Wow....Something GOOD is working!

Hello! I wrote this yesterday!

Today is a good day! I think it's my 6th day raw! :-))

I'm purposely not writing out my food, as i kind of like not thinking about food so much anymore.

I spent so much time and effort doing fitday.com with Carlene and emailing her every bite i ate daily...to no good avail, actually, for an entire month. I left her program feeling resentful of her control, resentful of her constant mixed messages about every food imaginable ("never eat walnuts!" "why don't you have some walnuts?") and resentful of her obsessive strictness regarding fat and salt.

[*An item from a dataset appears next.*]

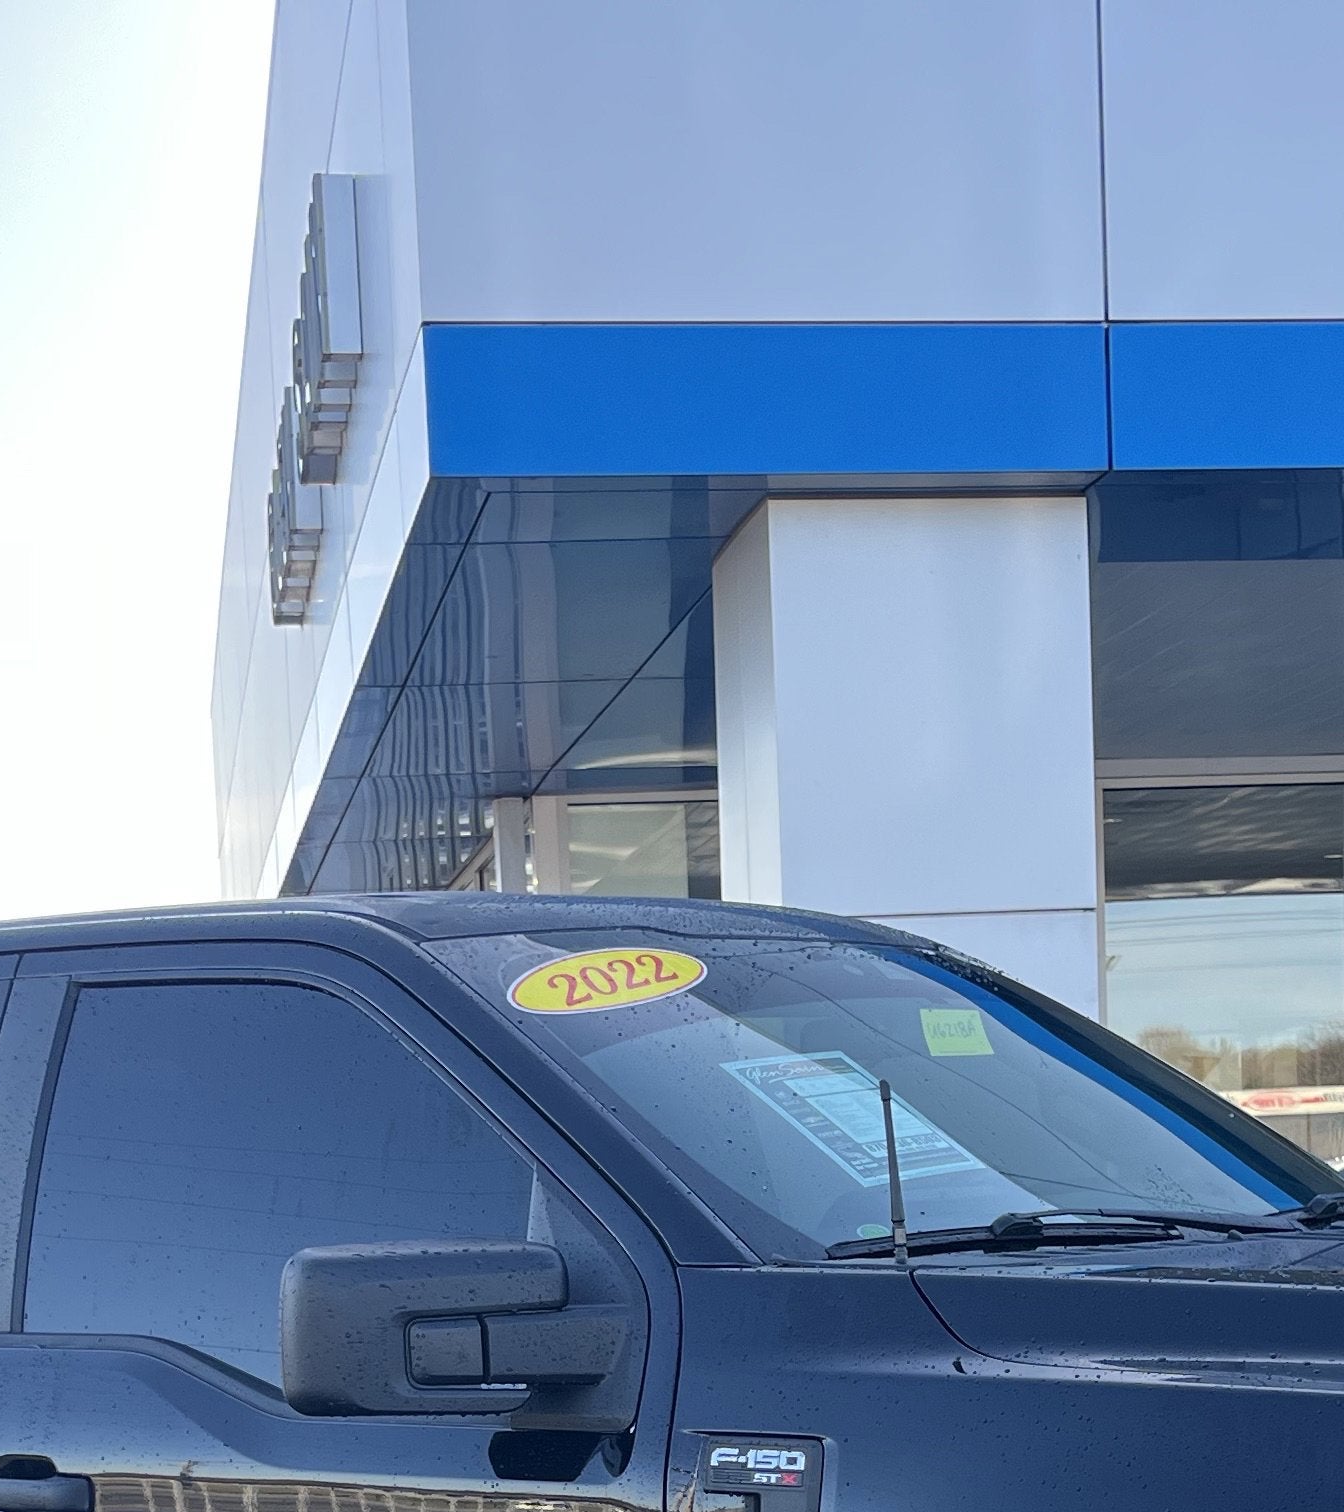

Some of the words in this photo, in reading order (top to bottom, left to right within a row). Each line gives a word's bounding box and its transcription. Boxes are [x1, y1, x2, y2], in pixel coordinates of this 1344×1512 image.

[546, 953, 679, 1007] 2022
[710, 1447, 806, 1471] F-150
[752, 1473, 798, 1486] STX

Tim and Dustin don't work that hard. And THEY got thin. There has GOT to be an easier way than her love-less, soul-less calorie counting and need for control.

So, i'm freeing myself from all controls! And you know what? It's not as scary as I thought! I'm adjusting! I'm falling into listening to myself more.

Today for lunch i ate enough to fill me and had ZERO compulsion to go further. And guess what i ate? Raw bread and cashew pate. And all day i've been happily busy, never even THINKING about food.

Oh, yes, THIS way is MUCH better. Maybe it wasn't ever so much about WHAT i was eating, but with what ATTITUDE i was eating it. Carlene's way saw me binge eating to break free of all of the restrictions when our time was over. This way, i'll never need to binge again! It wasn't the fat and salt making me binge. It was the RESTRICTION.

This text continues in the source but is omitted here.